Treatment is driven by the degree of OHSS. Mild cases are essentially supportive. Women with mild disease should be monitored for progression to moderate or severe disease. Moderate cases require observation, bed rest, monitoring of labs and intake/output. Positive fluid balances should clue the clinician into disease progression rather than resolution. Resolution of OHSS is characterized by shrinking cysts as seen on two consecutive ultrasound exams and when clinical symptoms recede. Progression to severe OHSS is marked by continuous weight gain, increasing severity of symptoms or new symptoms.
Severe OHSS requires admission to the hospital and sometimes to the Intensive Care Unit.

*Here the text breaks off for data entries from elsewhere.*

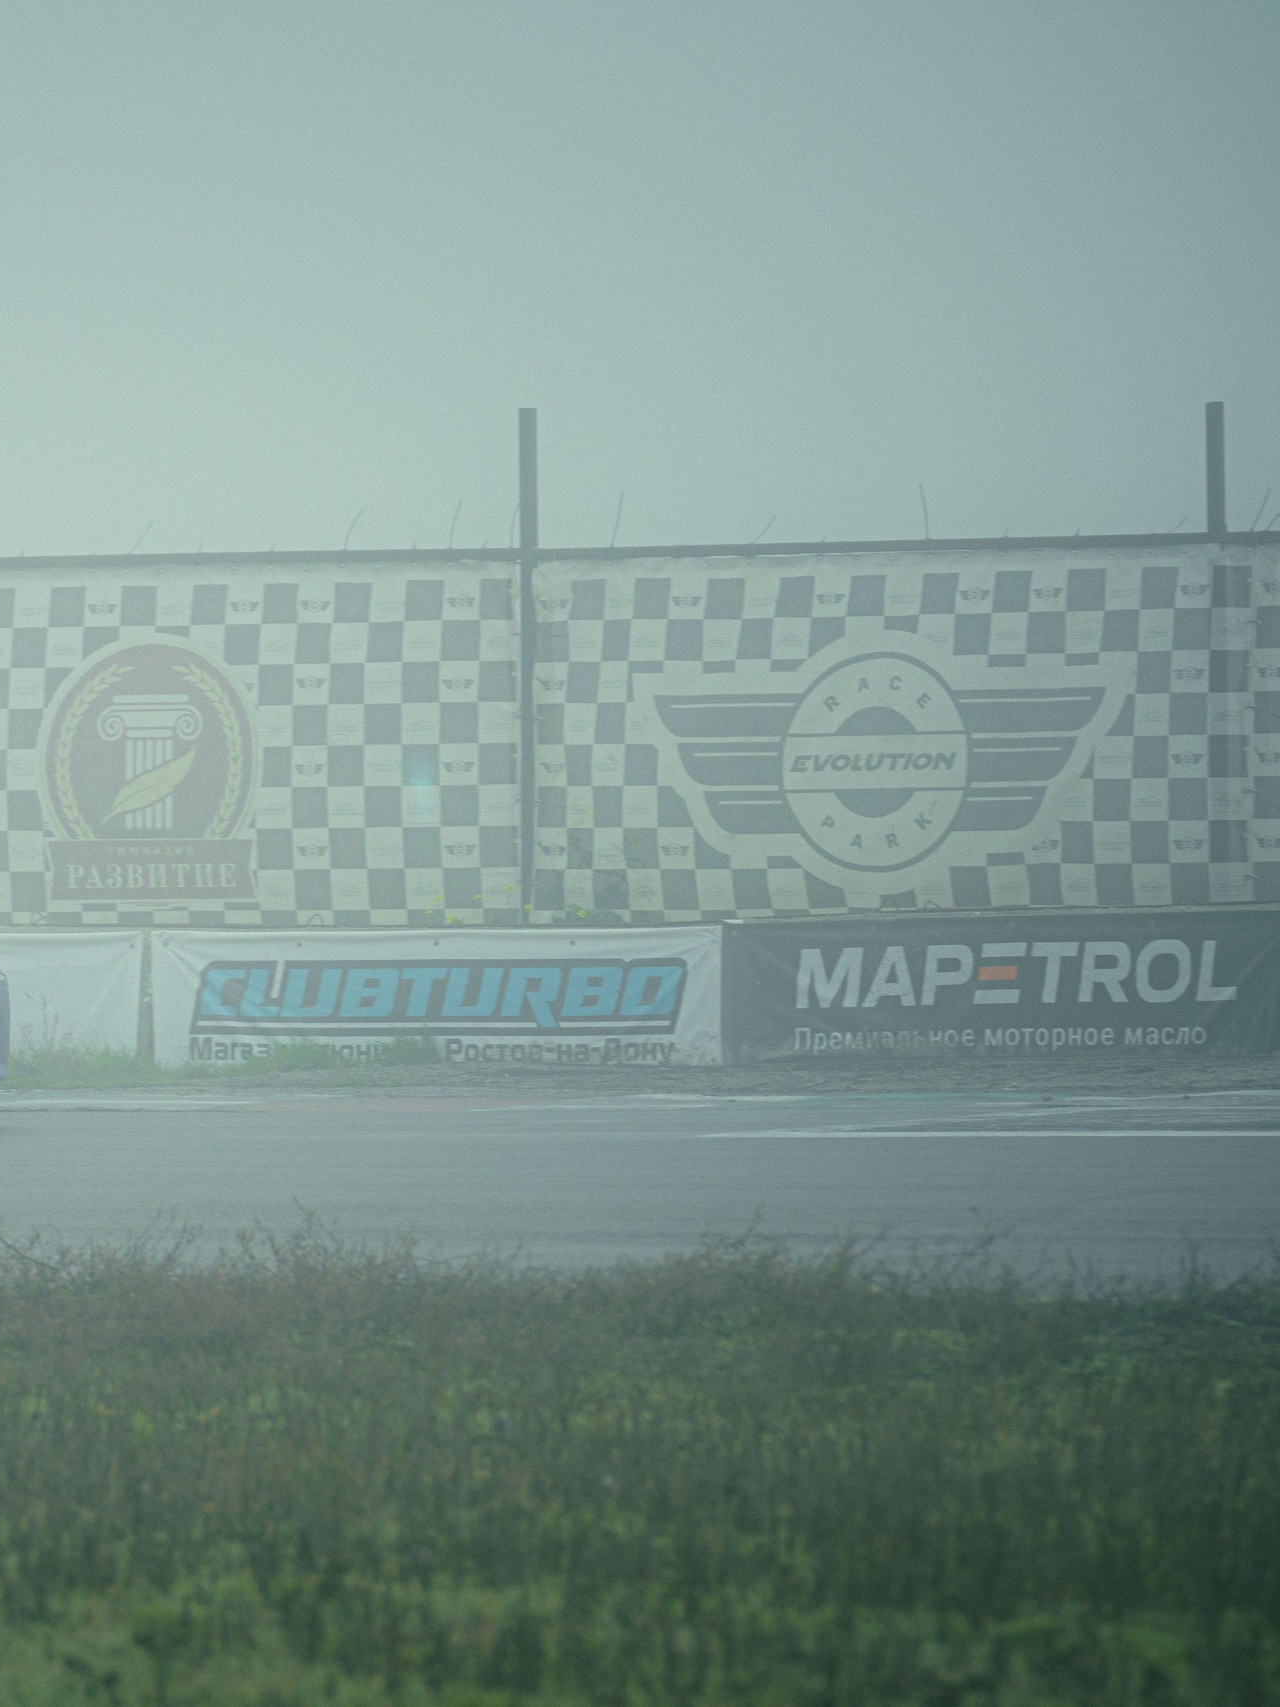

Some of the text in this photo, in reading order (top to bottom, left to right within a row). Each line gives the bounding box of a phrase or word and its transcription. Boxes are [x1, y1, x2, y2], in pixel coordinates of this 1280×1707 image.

[822, 675, 932, 713] RACE
[789, 751, 957, 773] EVOLUTION
[821, 812, 933, 850] PARK
[66, 862, 238, 890] РАЗВИТИЕ
[795, 938, 1238, 1009] MAPETROL
[202, 965, 685, 1028] CLUBTURBO
[984, 1026, 1115, 1051] моторное
[1124, 1026, 1207, 1047] масло
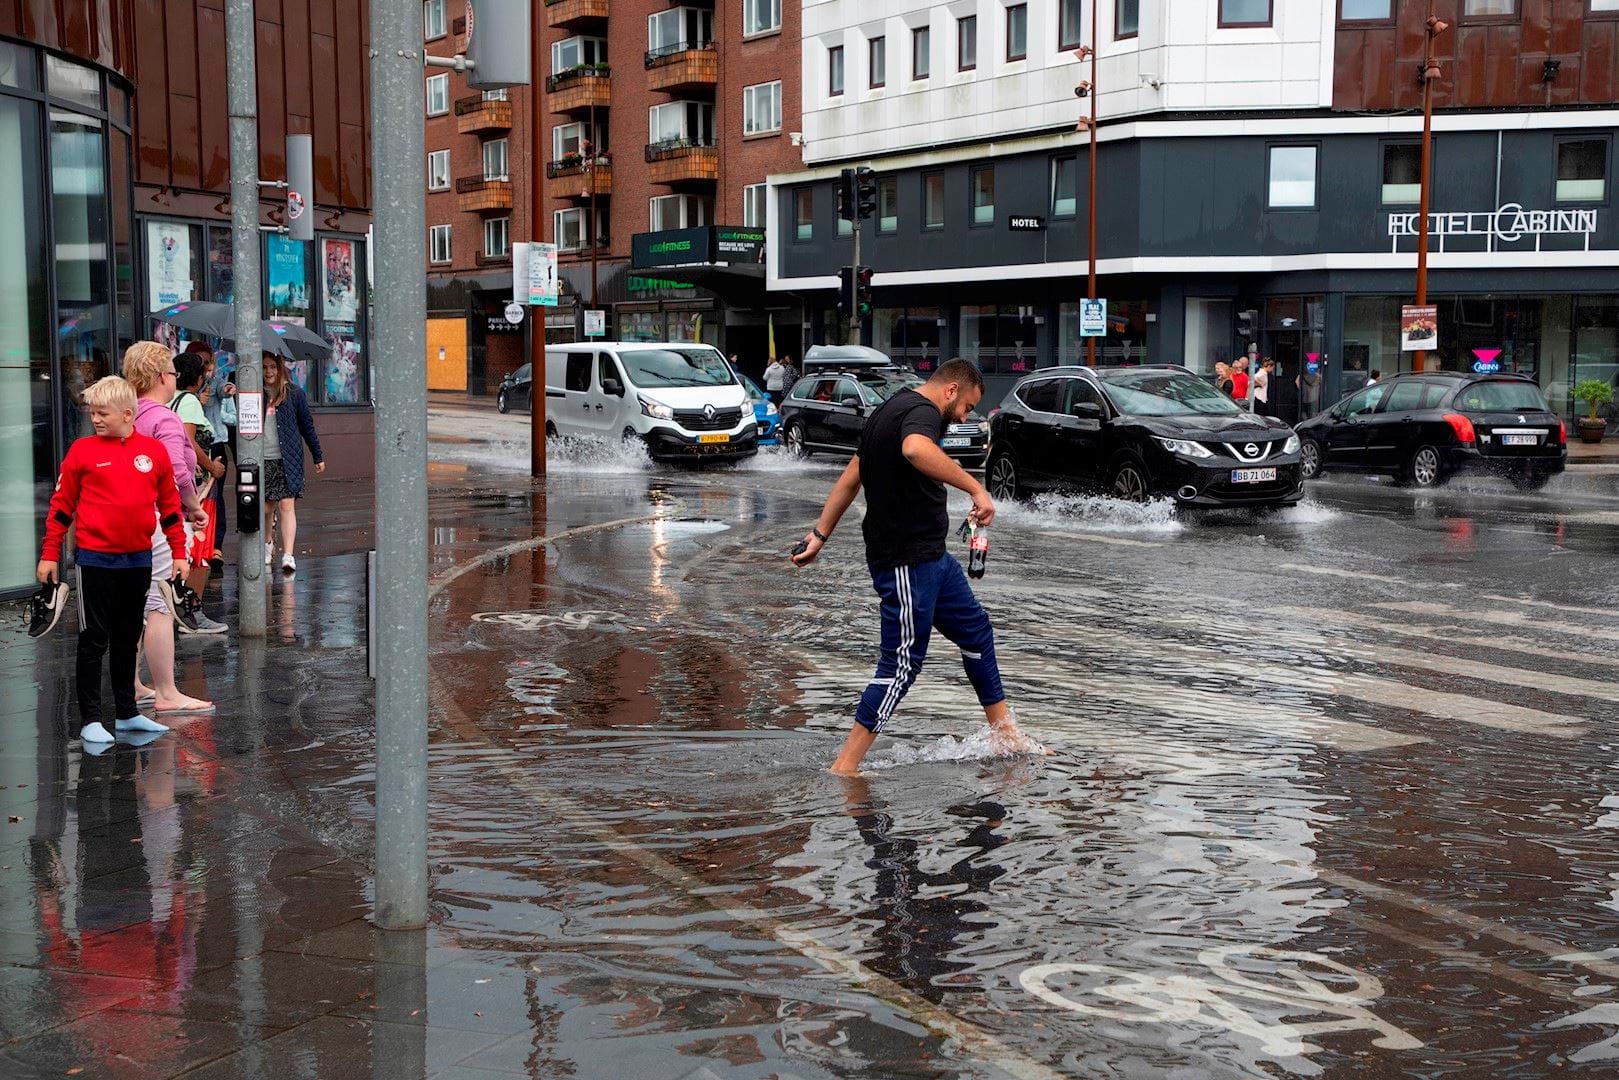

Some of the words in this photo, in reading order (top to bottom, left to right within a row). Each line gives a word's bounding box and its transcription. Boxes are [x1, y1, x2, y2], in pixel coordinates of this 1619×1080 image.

These patients are routinely admitted to the hospital with fluid balances assessed multiple times per day. Managing and maintaining intravascular volume is the primary treatment. Simultaneously, physicians need to correct electrolyte imbalances and complications of ascites and pleural effusion and prevention of venous thromboembolism. Commonly used fluids include dextrose 5% normal saline (D5NS) with close monitoring. Human albumin should be given if urine output is not satisfactory. For ascites, paracentesis is performed. Worsening features require admission to the intensive care unit.

Case Outcome

Formal ultrasound confirmed diagnosis of OHSS. Ultimately, it was determined that clomiphene was administered. The patient was admitted to the OBGYN service and placed on leuprolide (GnRH agonist), letrozole (aromatase inhibitor). She had low UOP (5-25 ml/hr) despite aggressive IV fluids and albumin. Subsequently she was moved to MICU on day 2. A paracentesis was performed and ultimately an indwelling catheter was placed for repeat paracentesis. She was placed on doxycycline secondary to persistent leukocytosis. She was downgraded from MICU on day 4 and discharged home in stable condition on day 9.

3 Key Points

  1. OHSS is an iatrogenic disease characterized by enlargement of the ovaries and a fluid shift into the third space
  2. Management primarily revolves around maintaining intravascular volume and adequate urine output
  3. Patients can become critical and require ICU admission due to disease progression, instability, development of ARD, ARF and PE among others.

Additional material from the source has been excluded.